(Stored items)
* * *

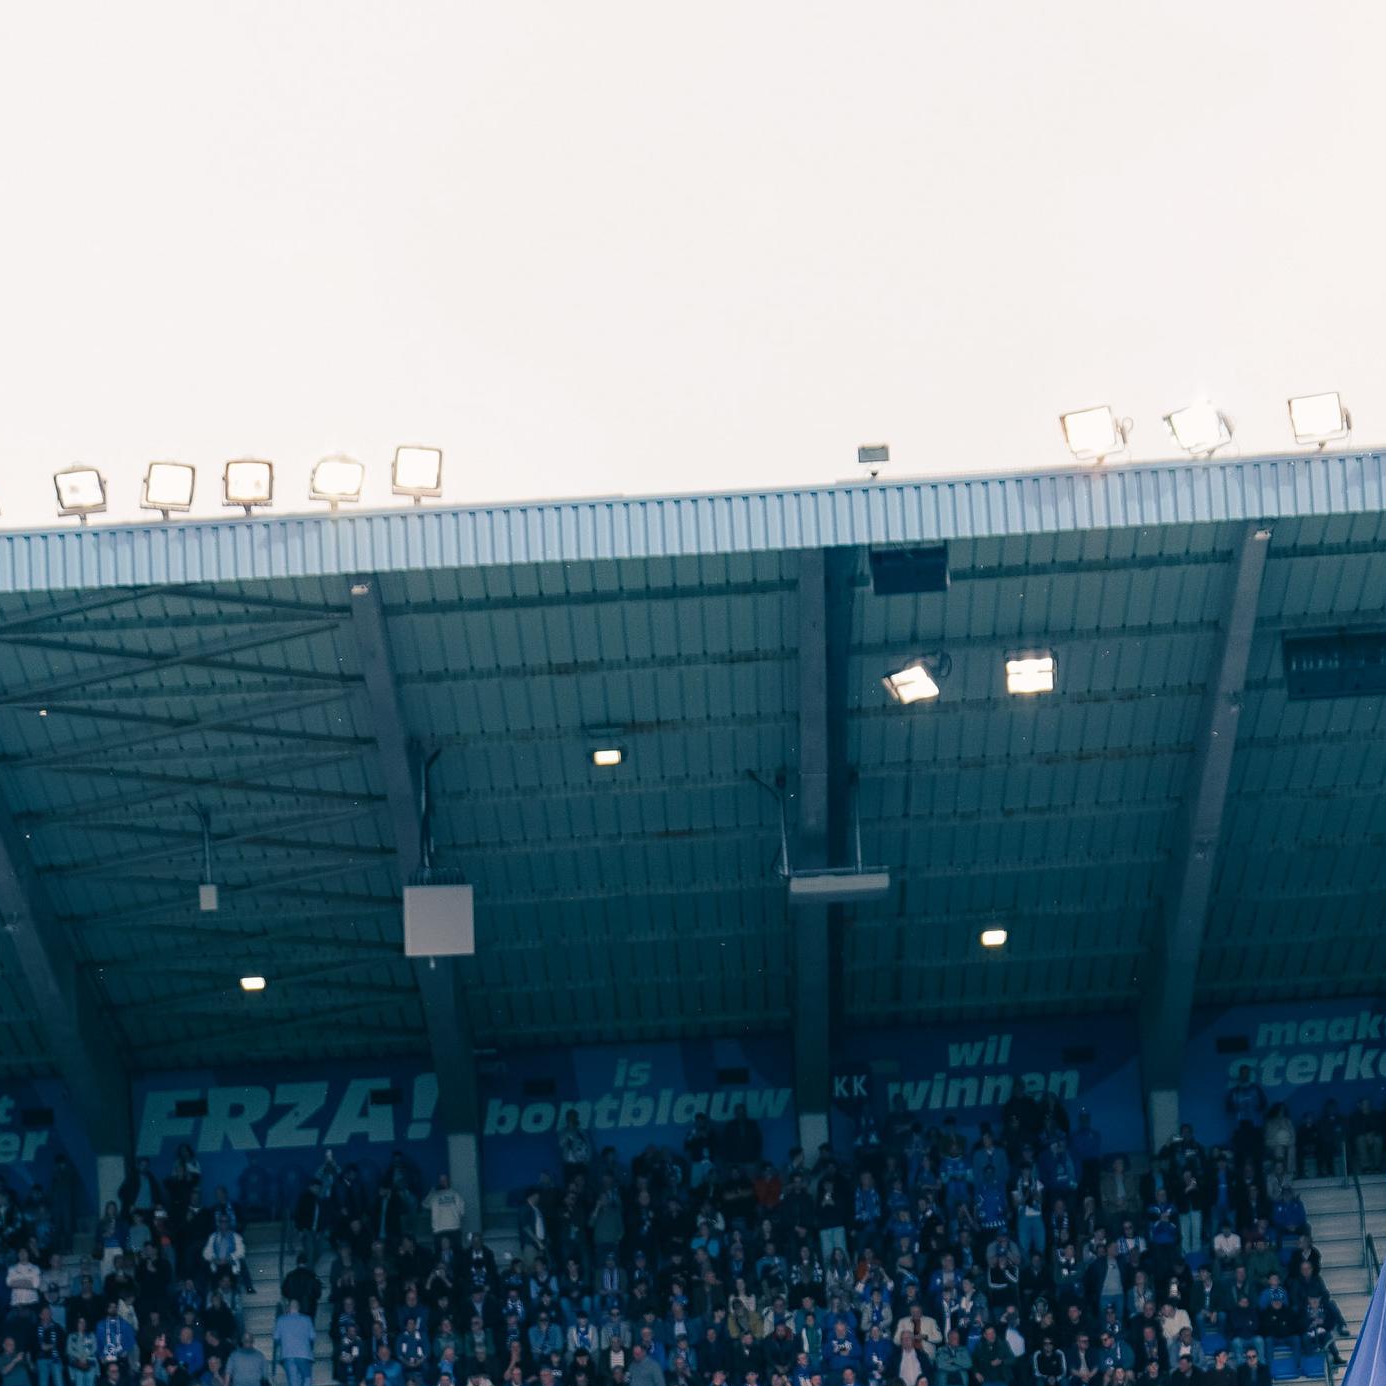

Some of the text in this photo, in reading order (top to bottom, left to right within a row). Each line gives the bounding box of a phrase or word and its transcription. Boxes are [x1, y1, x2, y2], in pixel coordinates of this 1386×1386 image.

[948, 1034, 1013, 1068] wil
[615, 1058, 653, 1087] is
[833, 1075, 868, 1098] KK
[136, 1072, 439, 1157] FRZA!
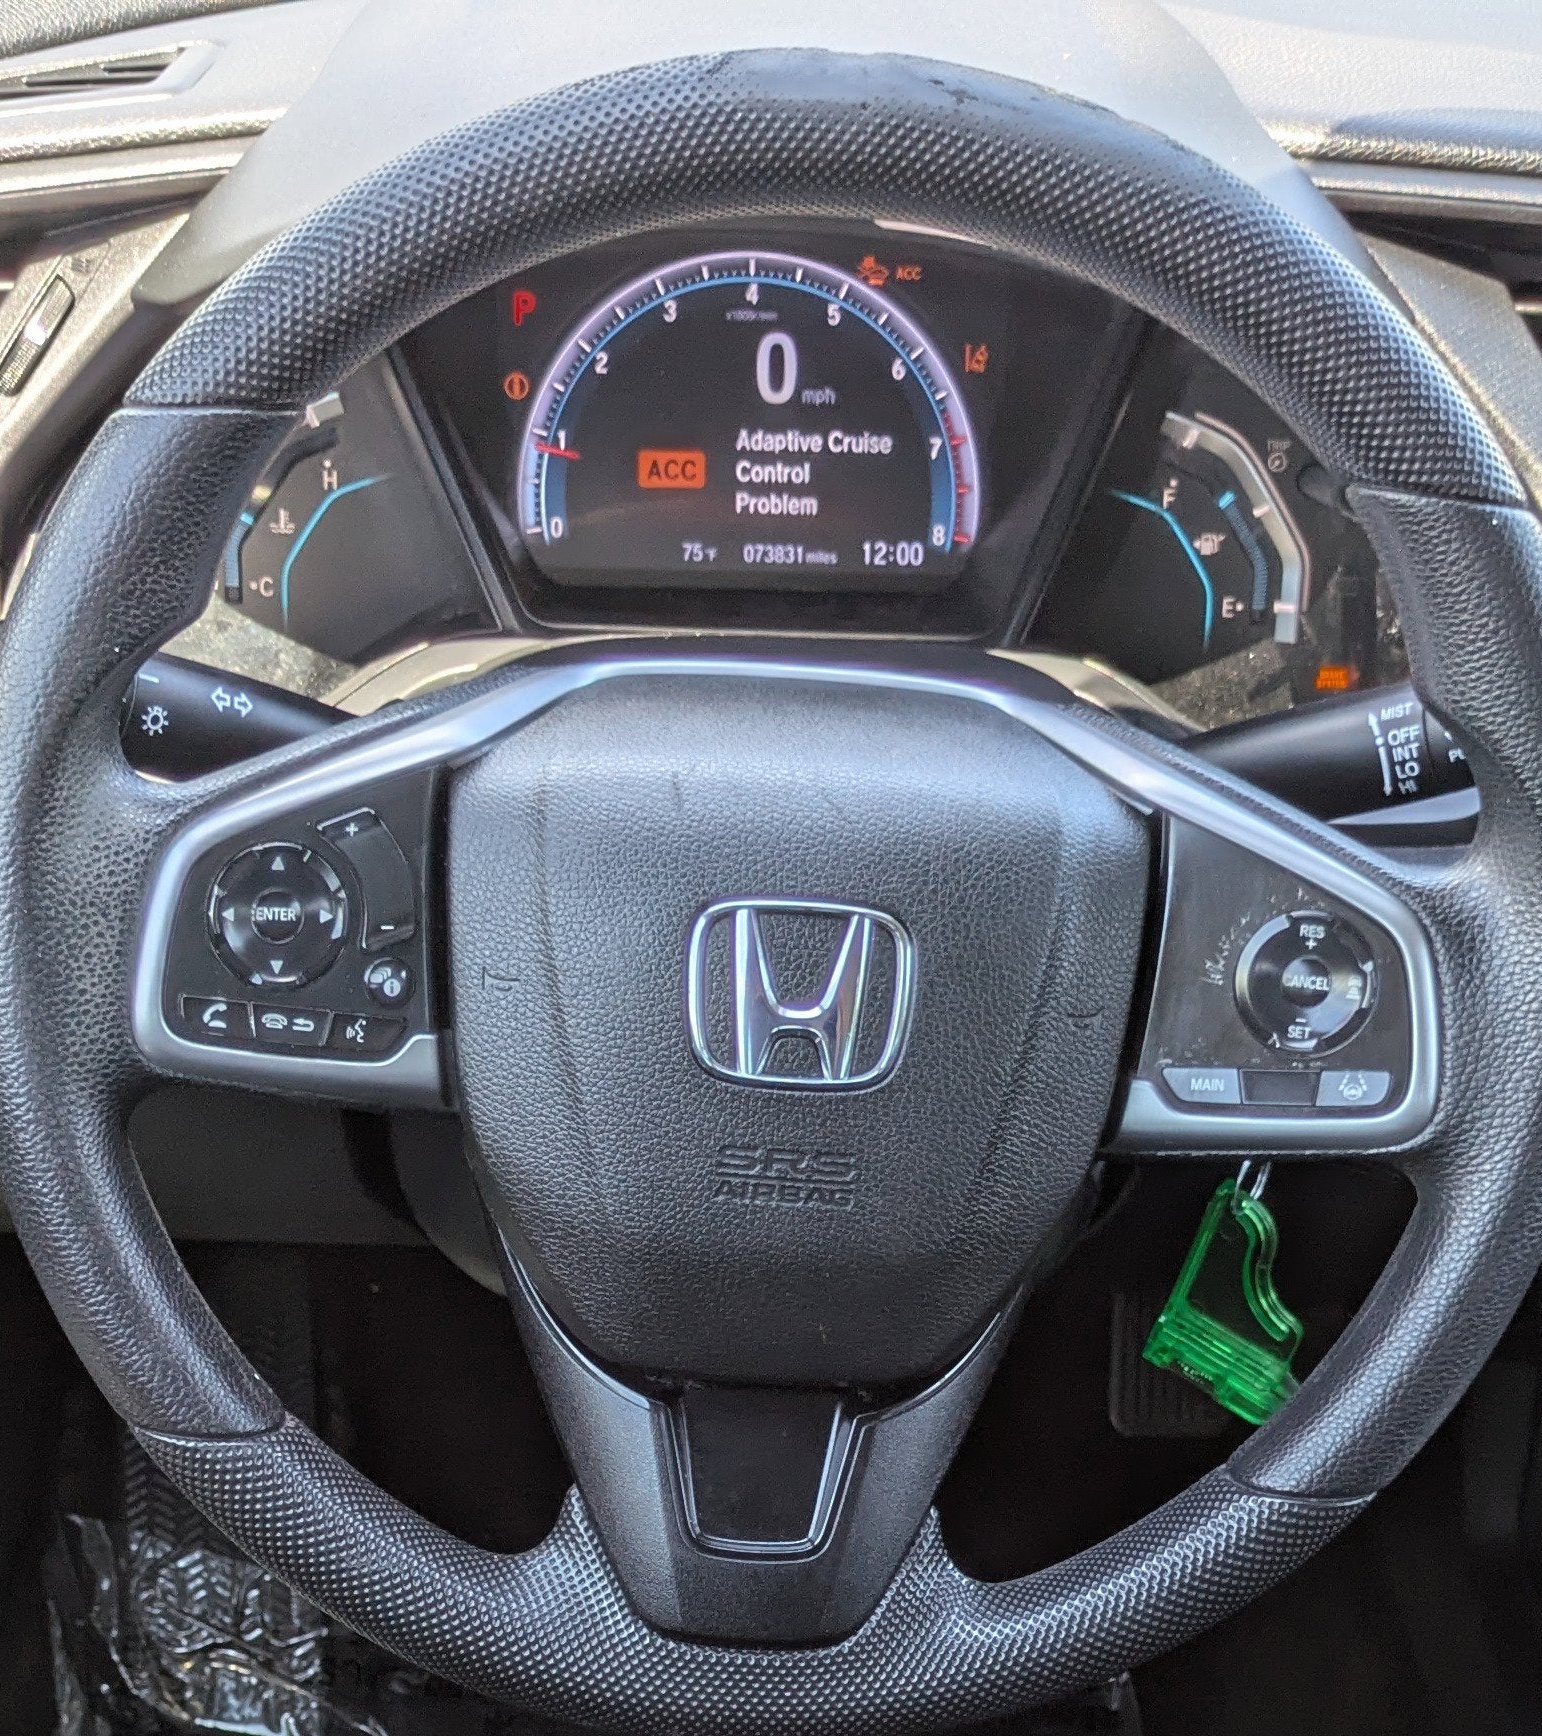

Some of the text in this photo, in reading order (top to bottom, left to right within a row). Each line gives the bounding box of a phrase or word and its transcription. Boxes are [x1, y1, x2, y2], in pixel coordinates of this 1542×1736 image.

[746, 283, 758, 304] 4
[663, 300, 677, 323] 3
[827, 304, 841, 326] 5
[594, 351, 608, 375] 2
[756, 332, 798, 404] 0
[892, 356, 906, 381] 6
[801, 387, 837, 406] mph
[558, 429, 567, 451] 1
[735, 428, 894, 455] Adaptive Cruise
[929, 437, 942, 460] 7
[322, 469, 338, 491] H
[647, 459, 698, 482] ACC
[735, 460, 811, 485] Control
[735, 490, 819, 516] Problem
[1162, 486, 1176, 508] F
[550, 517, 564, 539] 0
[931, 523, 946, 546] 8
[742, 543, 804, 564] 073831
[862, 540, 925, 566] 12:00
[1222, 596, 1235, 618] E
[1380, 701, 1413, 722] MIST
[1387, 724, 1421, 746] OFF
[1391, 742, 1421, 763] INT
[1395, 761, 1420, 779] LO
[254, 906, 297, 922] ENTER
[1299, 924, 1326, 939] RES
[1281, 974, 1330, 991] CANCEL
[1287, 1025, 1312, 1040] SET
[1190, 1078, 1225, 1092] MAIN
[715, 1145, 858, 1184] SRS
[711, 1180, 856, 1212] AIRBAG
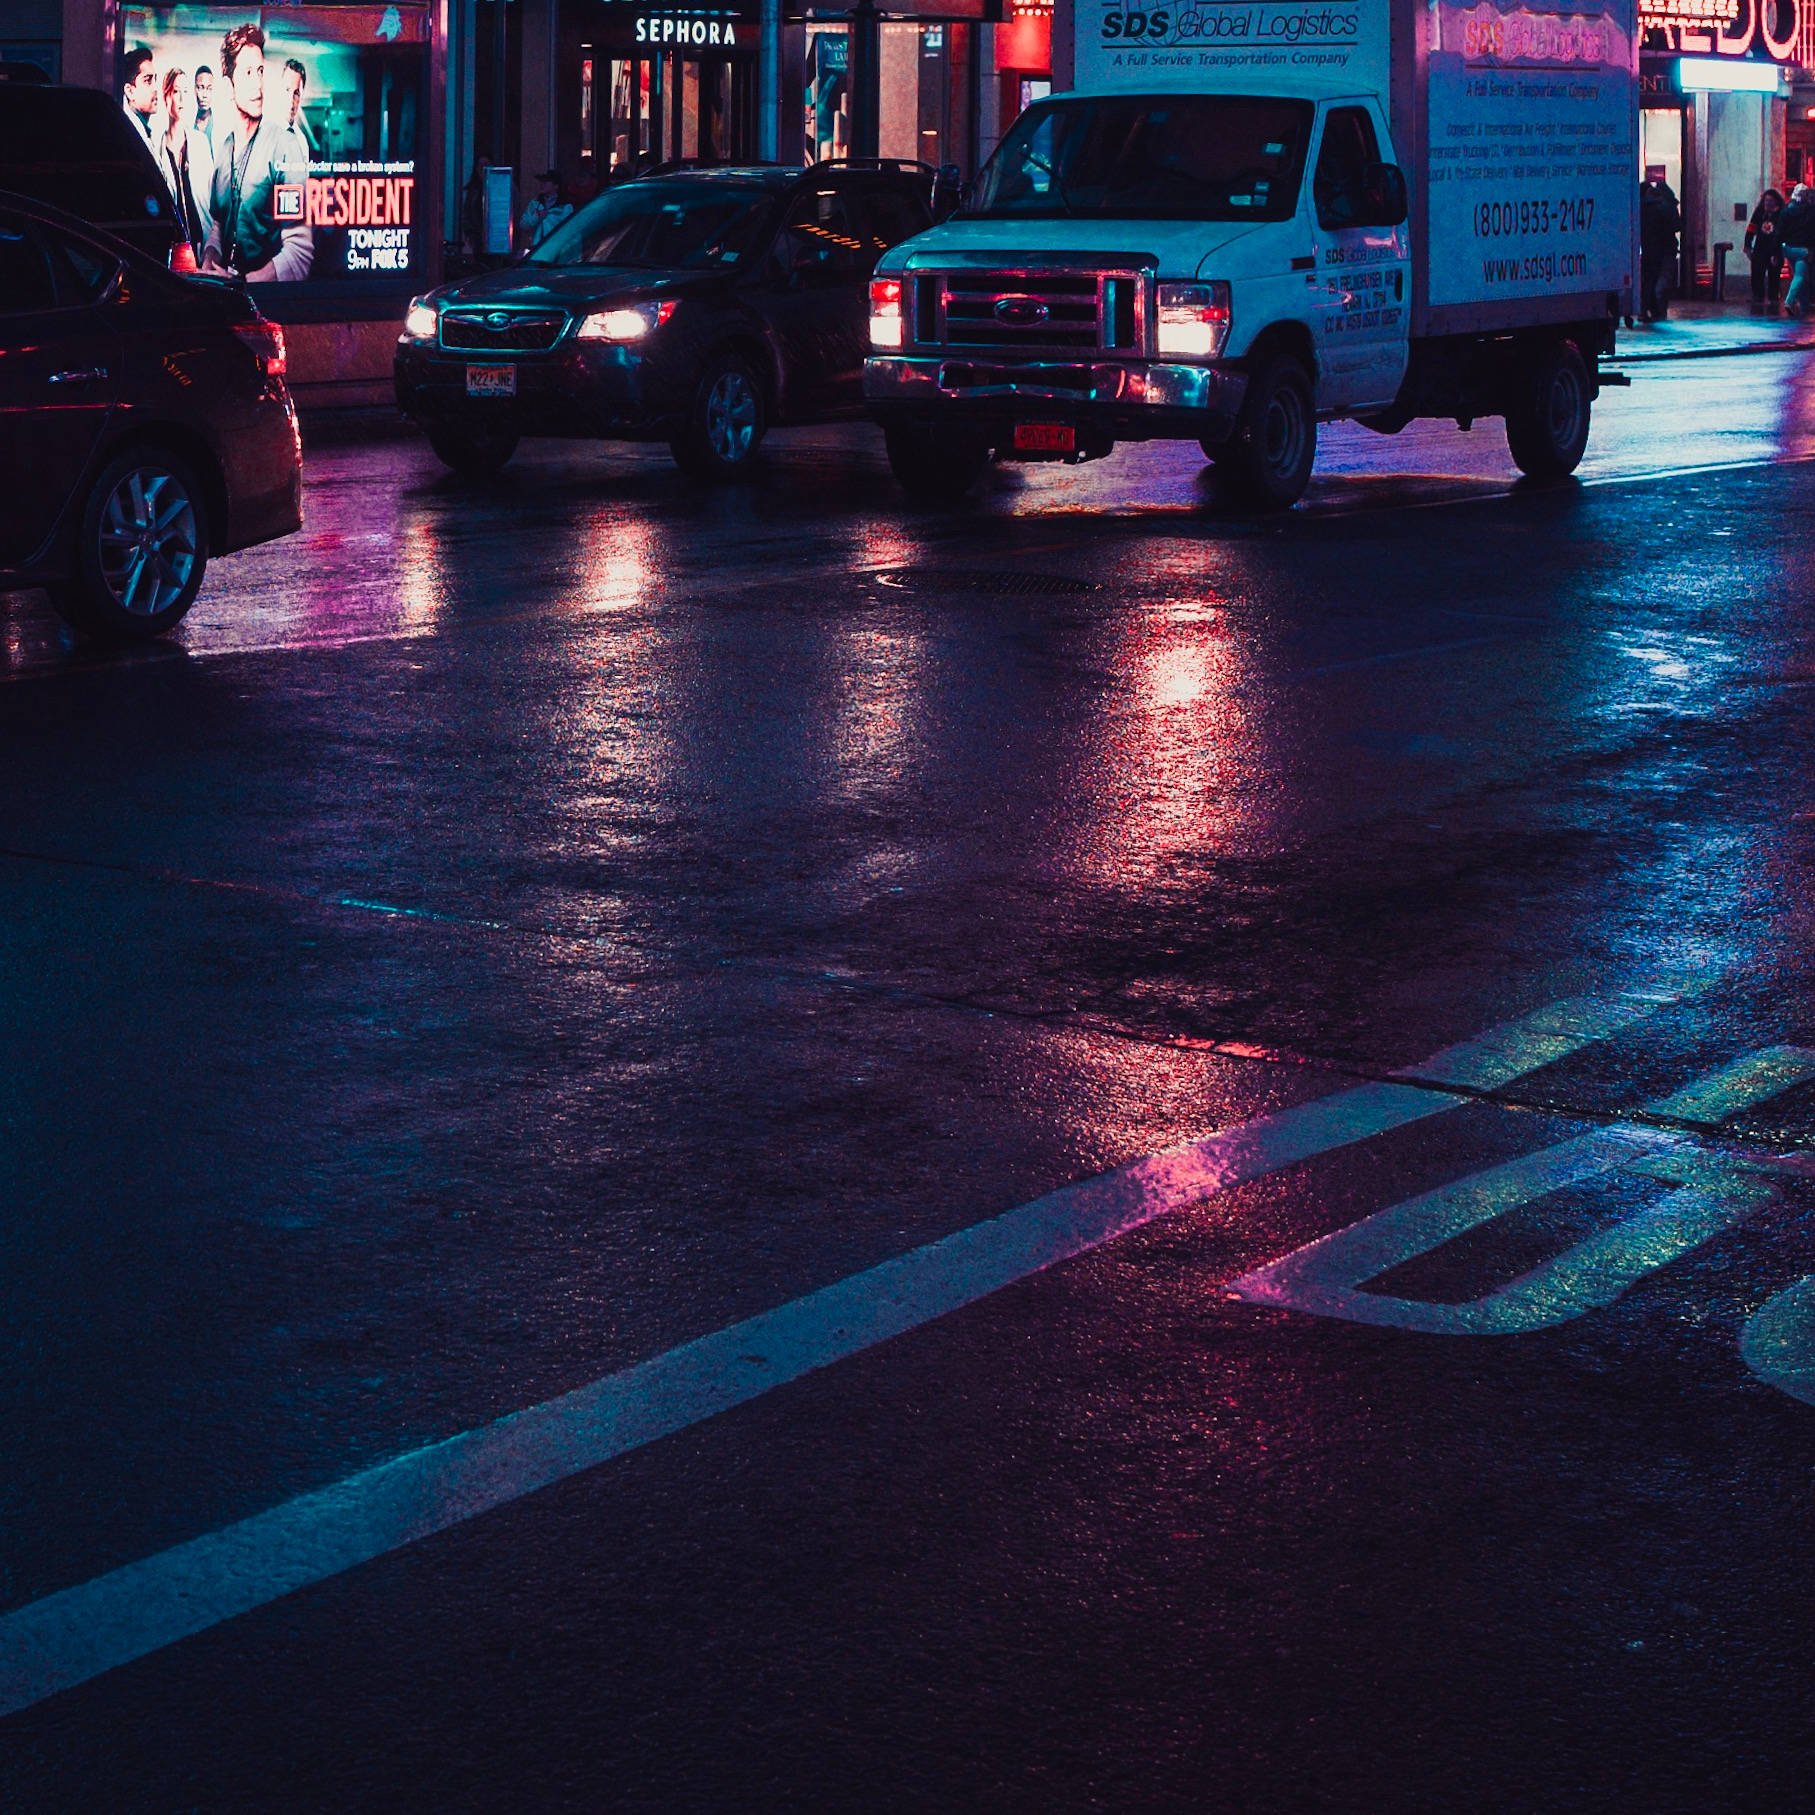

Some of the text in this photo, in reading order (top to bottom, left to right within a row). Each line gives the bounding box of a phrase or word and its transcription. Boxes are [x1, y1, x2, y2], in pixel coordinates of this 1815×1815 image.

* * *

▶ WHAT TO WORK ON:
Give back every entry in its exact wording, leaving the pictures out.

▶ YOUR RESPONSE:
Some of the text in this photo, in reading order (top to bottom, left to right within a row). Each line gives the bounding box of a phrase or word and its transcription. Boxes are [x1, y1, x2, y2], in pixel coordinates of this 1386×1386 image.

[948, 1034, 1013, 1068] wil
[615, 1058, 653, 1087] is
[833, 1075, 868, 1098] KK
[136, 1072, 439, 1157] FRZA!

Some of the text in this photo, in reading order (top to bottom, left to right within a row). Each line gives the bounding box of a phrase or word and its transcription. Boxes are [x1, y1, x2, y2], in pixel coordinates of this 1542×1736 image.

[746, 283, 758, 304] 4
[663, 300, 677, 323] 3
[827, 304, 841, 326] 5
[594, 351, 608, 375] 2
[756, 332, 798, 404] 0
[892, 356, 906, 381] 6
[801, 387, 837, 406] mph
[558, 429, 567, 451] 1
[735, 428, 894, 455] Adaptive Cruise
[929, 437, 942, 460] 7
[322, 469, 338, 491] H
[647, 459, 698, 482] ACC
[735, 460, 811, 485] Control
[735, 490, 819, 516] Problem
[1162, 486, 1176, 508] F
[550, 517, 564, 539] 0
[931, 523, 946, 546] 8
[742, 543, 804, 564] 073831
[862, 540, 925, 566] 12:00
[1222, 596, 1235, 618] E
[1380, 701, 1413, 722] MIST
[1387, 724, 1421, 746] OFF
[1391, 742, 1421, 763] INT
[1395, 761, 1420, 779] LO
[254, 906, 297, 922] ENTER
[1299, 924, 1326, 939] RES
[1281, 974, 1330, 991] CANCEL
[1287, 1025, 1312, 1040] SET
[1190, 1078, 1225, 1092] MAIN
[715, 1145, 858, 1184] SRS
[711, 1180, 856, 1212] AIRBAG

Some of the text in this photo, in reading order (top to bottom, left to right within a row). Each line gives the bounding box of a phrase or word and its transcription. Boxes are [x1, y1, x2, y2], in pixel coordinates of this 1815×1815 image.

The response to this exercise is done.